Statistical mechanics of spin systems
Numerical simulations: Markov chains, Montecarlo alghoritms, Glauber and Kawaski dinamics. Cluster alghoritm.
Stochastic dynamics: Brownian motion, Langevin equation, Fokker-Plank equation.
Interacting particle systems: hydrodynamic limit, Onsager theory.
Stochastic Interacting particle systems: symmetric exclusion and Burgers equation.
Fluidodynamics: Euler, Navier-Stokes, Boussinesq equations. Incompressible limit.
Mean field theory out of equilibrium: Vlasov, Vlasov-Fokker-Plank equations, swarming e flocking.
The course is intended to provide and advanced background in Physics with knowledge of specialistic topics in the recent research, with specific attention to the Physices of Complex systems and Fluiddynamics. Among the learning outcomes is the advanced knowledge of numerical simulation techniques, deterministic and stochastic interacting particle systems,fluiddynamic equations. Skill to solve general problems in the aforementioned context.

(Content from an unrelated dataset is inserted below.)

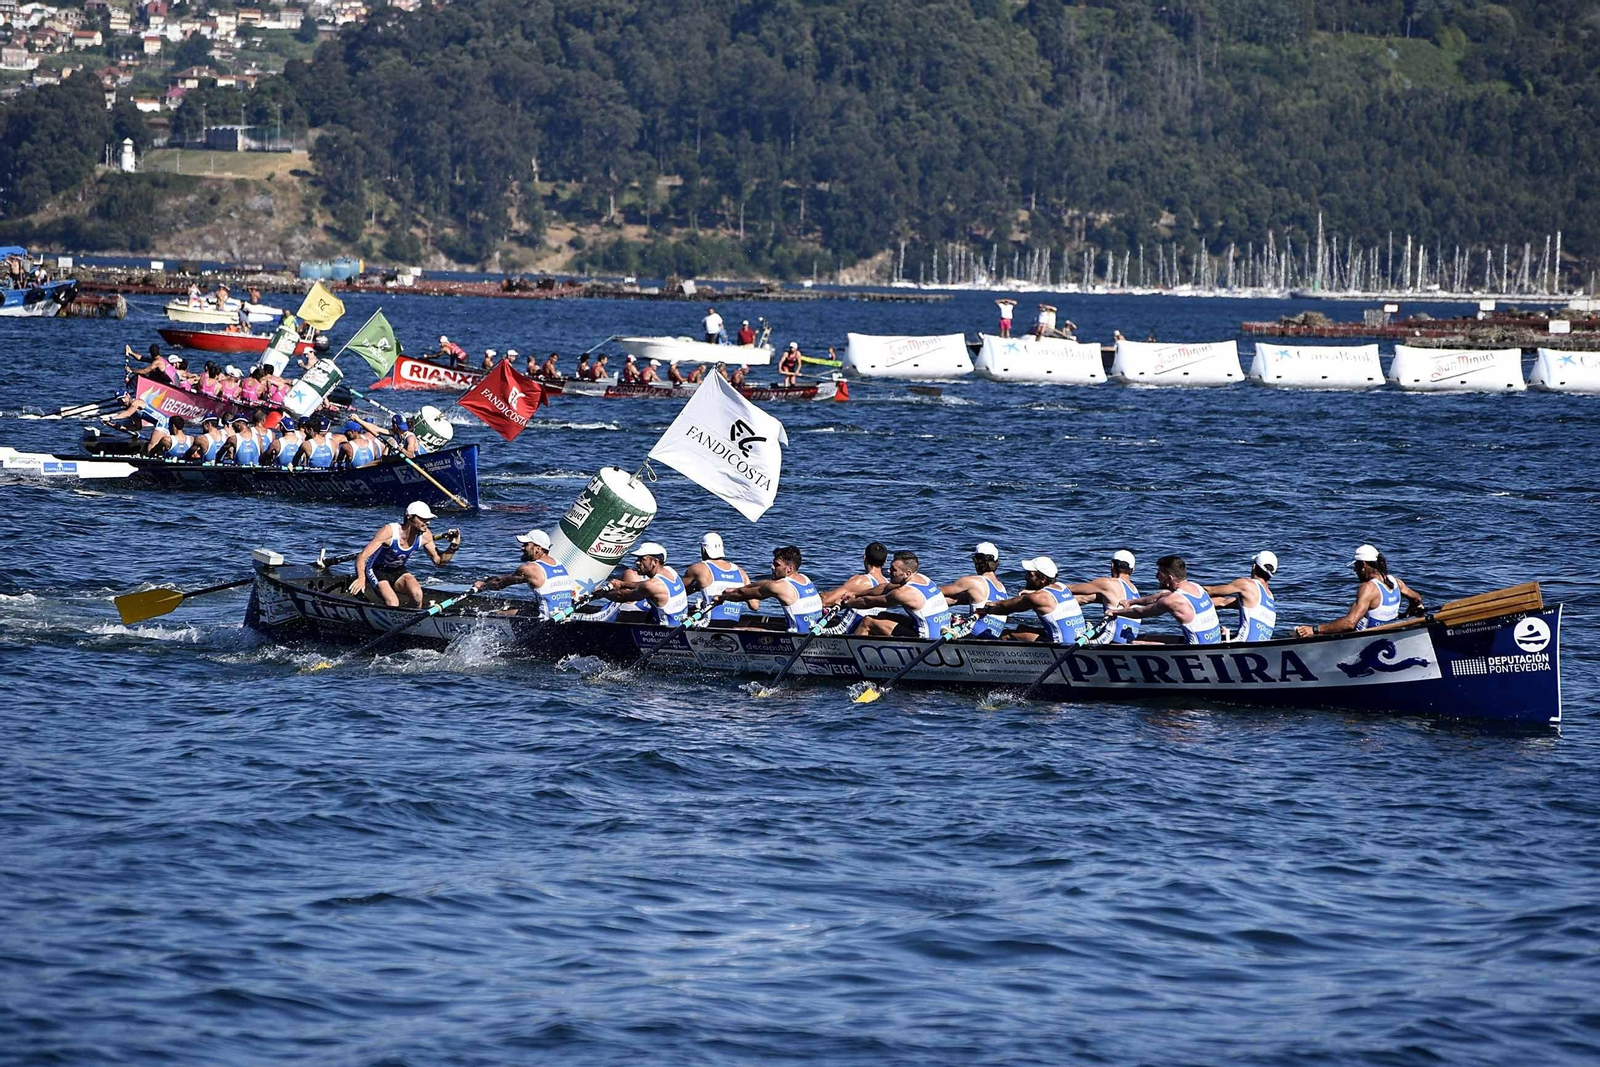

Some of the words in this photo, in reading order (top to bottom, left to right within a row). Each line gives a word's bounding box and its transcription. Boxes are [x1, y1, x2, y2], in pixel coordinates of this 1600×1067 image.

KNOWLEDGE AND UNDERSTANDING:
The students are required to acquire a deep understanding of the topics presented in the course. A good knowleg of the state of the art is also required. The knowledge and ability of understanding is verified by means of oral exams.
APPLYING KNOWLEDGE AND UNDERSTANDING:
The students are required to identify the essential elements of a physical problem, possibly complex, within the material presented and construct suitable models based on appropiate approximations.